Based on these reviews and discussions, the Audit Committee recommended to the Board of Directors, and the Board of Directors approved, that the audited consolidated financial statements be included in the Company’s Annual Report on Form 10-K for the year ended December 31, 2004, for filing with the Securities and Exchange Commission.
AUDIT COMMITTEE
Michael T. Smith, Chair
John C. Hart
Angus L. Macdonald
Fees Paid To KPMG LLP
All services to be provided by KPMG LLP are required to be approved by the Audit Committee, in advance. The audit and audit related services are approved annually. With respect to services for other than audit and audit related services, at least annually, the independent auditor submits to the Audit Committee, for its approval, anticipated engagements for the ensuing year, either at the time that the Audit Committee reviews and approves the annual audit engagement, or at a time specifically scheduled for reviewing such other services.
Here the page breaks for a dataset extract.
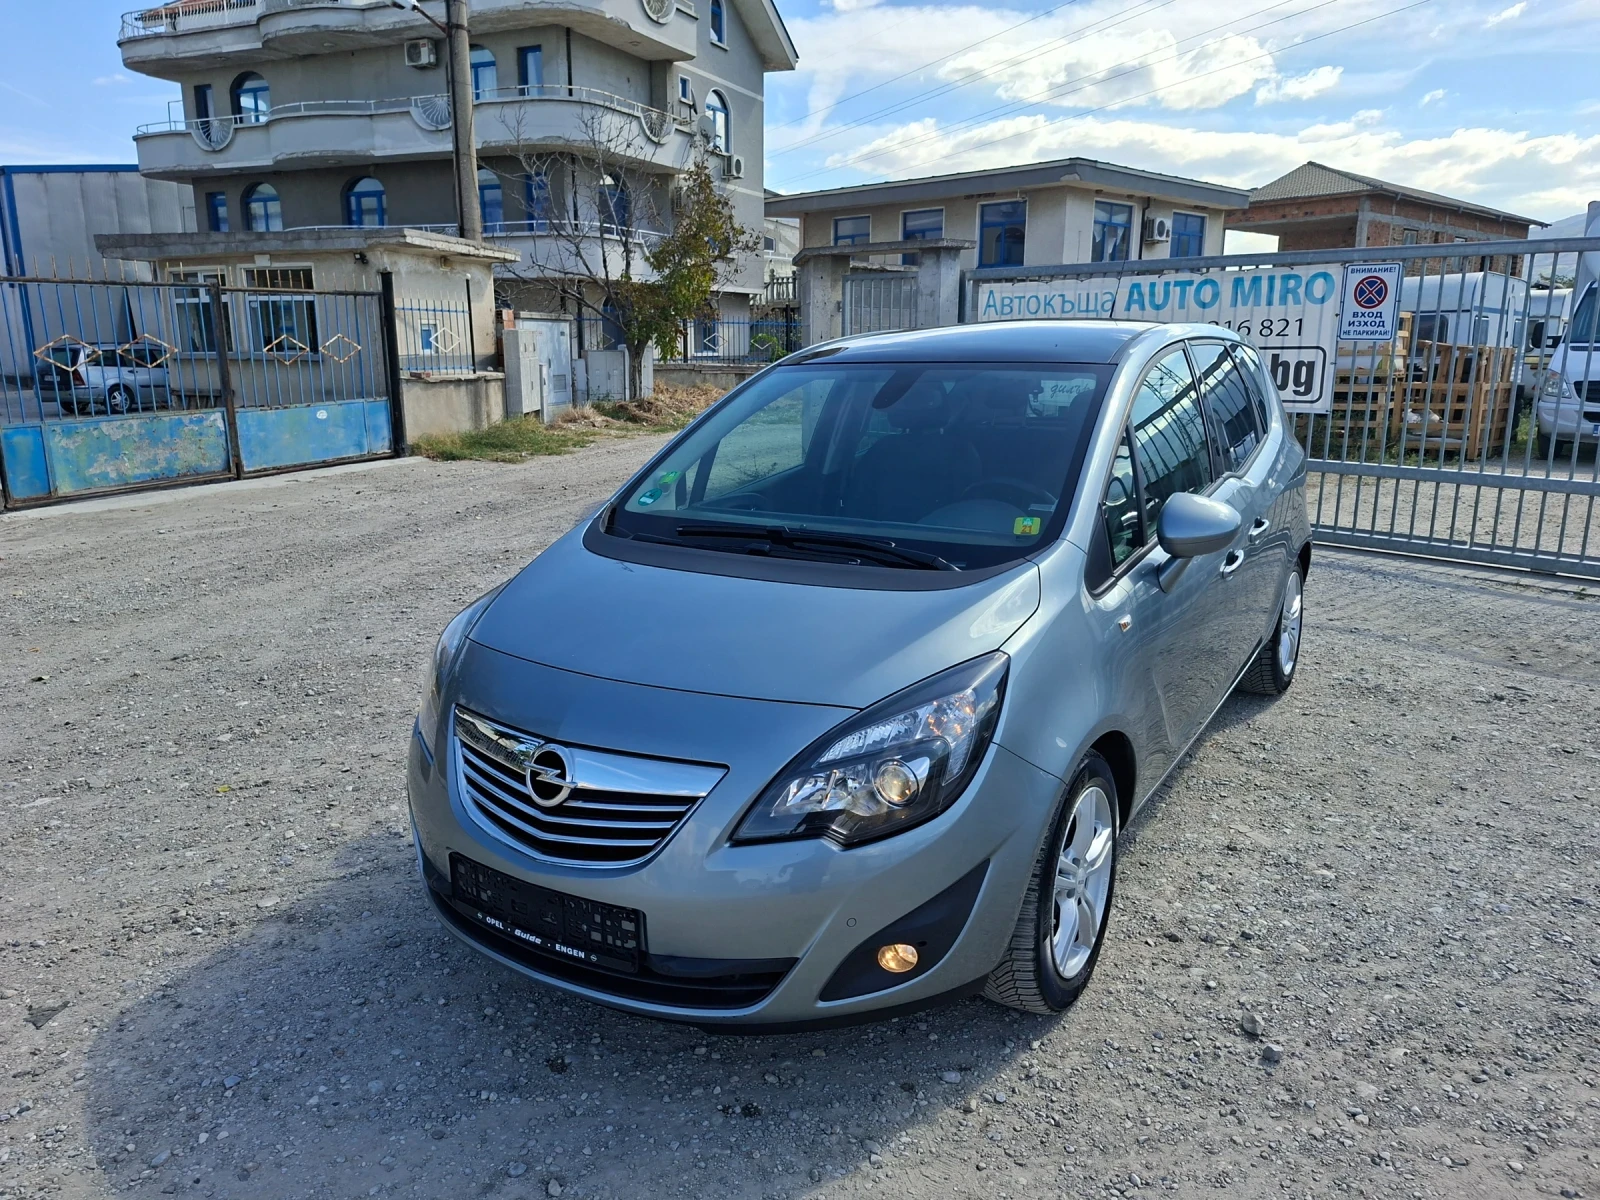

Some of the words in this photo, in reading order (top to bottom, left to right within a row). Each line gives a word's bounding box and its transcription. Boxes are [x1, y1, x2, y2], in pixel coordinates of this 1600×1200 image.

Quarterly, and in conjunction with the Audit Committee’s regularly scheduled meetings, the independent auditor presents to the Audit Committee for pre-approval any proposed engagements not previously reviewed and approved. In the event that an audit or non-audit service requires approval prior to the next regularly scheduled meeting of the Audit Committee, the auditor must contact the Chairman of the Audit Committee to obtain such approval. The approval must be reported to the Audit Committee at its next regularly scheduled meeting.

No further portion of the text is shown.